What to do:
Would it be possible to reproduce every entry exactly, please?

[Collection entries]

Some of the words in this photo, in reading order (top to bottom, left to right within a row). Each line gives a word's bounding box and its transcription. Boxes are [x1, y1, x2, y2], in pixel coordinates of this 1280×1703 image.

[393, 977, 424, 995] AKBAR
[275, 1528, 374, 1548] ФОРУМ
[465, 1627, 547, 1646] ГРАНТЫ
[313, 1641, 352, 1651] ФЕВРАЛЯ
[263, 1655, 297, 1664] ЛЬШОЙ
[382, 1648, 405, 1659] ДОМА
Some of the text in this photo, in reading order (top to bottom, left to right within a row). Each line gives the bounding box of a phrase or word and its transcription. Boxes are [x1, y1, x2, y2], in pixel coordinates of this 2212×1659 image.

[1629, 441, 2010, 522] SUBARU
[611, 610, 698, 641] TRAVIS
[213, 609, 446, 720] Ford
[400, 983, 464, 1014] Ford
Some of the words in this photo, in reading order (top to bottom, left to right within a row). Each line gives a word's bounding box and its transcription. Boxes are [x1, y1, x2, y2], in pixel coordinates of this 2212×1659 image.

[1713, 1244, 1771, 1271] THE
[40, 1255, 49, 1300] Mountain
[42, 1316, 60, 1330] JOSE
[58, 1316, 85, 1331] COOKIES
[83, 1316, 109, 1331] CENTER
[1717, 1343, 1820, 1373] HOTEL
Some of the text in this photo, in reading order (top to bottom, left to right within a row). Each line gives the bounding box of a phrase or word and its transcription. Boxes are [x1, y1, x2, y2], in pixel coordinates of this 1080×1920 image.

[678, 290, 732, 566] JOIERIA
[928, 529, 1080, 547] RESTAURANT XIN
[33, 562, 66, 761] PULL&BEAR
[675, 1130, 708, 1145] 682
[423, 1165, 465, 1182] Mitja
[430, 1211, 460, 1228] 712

Answer to this problem:
Some of the words in this photo, in reading order (top to bottom, left to right within a row). Each line gives a word's bounding box and its transcription. Boxes are [x1, y1, x2, y2], in pixel coordinates of this 1280×1703 image.

[393, 977, 424, 995] AKBAR
[275, 1528, 374, 1548] ФОРУМ
[465, 1627, 547, 1646] ГРАНТЫ
[313, 1641, 352, 1651] ФЕВРАЛЯ
[263, 1655, 297, 1664] ЛЬШОЙ
[382, 1648, 405, 1659] ДОМА
Some of the text in this photo, in reading order (top to bottom, left to right within a row). Each line gives the bounding box of a phrase or word and its transcription. Boxes are [x1, y1, x2, y2], in pixel coordinates of this 2212×1659 image.

[1629, 441, 2010, 522] SUBARU
[611, 610, 698, 641] TRAVIS
[213, 609, 446, 720] Ford
[400, 983, 464, 1014] Ford
Some of the words in this photo, in reading order (top to bottom, left to right within a row). Each line gives a word's bounding box and its transcription. Boxes are [x1, y1, x2, y2], in pixel coordinates of this 2212×1659 image.

[1713, 1244, 1771, 1271] THE
[40, 1255, 49, 1300] Mountain
[42, 1316, 60, 1330] JOSE
[58, 1316, 85, 1331] COOKIES
[83, 1316, 109, 1331] CENTER
[1717, 1343, 1820, 1373] HOTEL
Some of the text in this photo, in reading order (top to bottom, left to right within a row). Each line gives the bounding box of a phrase or word and its transcription. Boxes are [x1, y1, x2, y2], in pixel coordinates of this 1080×1920 image.

[678, 290, 732, 566] JOIERIA
[928, 529, 1080, 547] RESTAURANT XIN
[33, 562, 66, 761] PULL&BEAR
[675, 1130, 708, 1145] 682
[423, 1165, 465, 1182] Mitja
[430, 1211, 460, 1228] 712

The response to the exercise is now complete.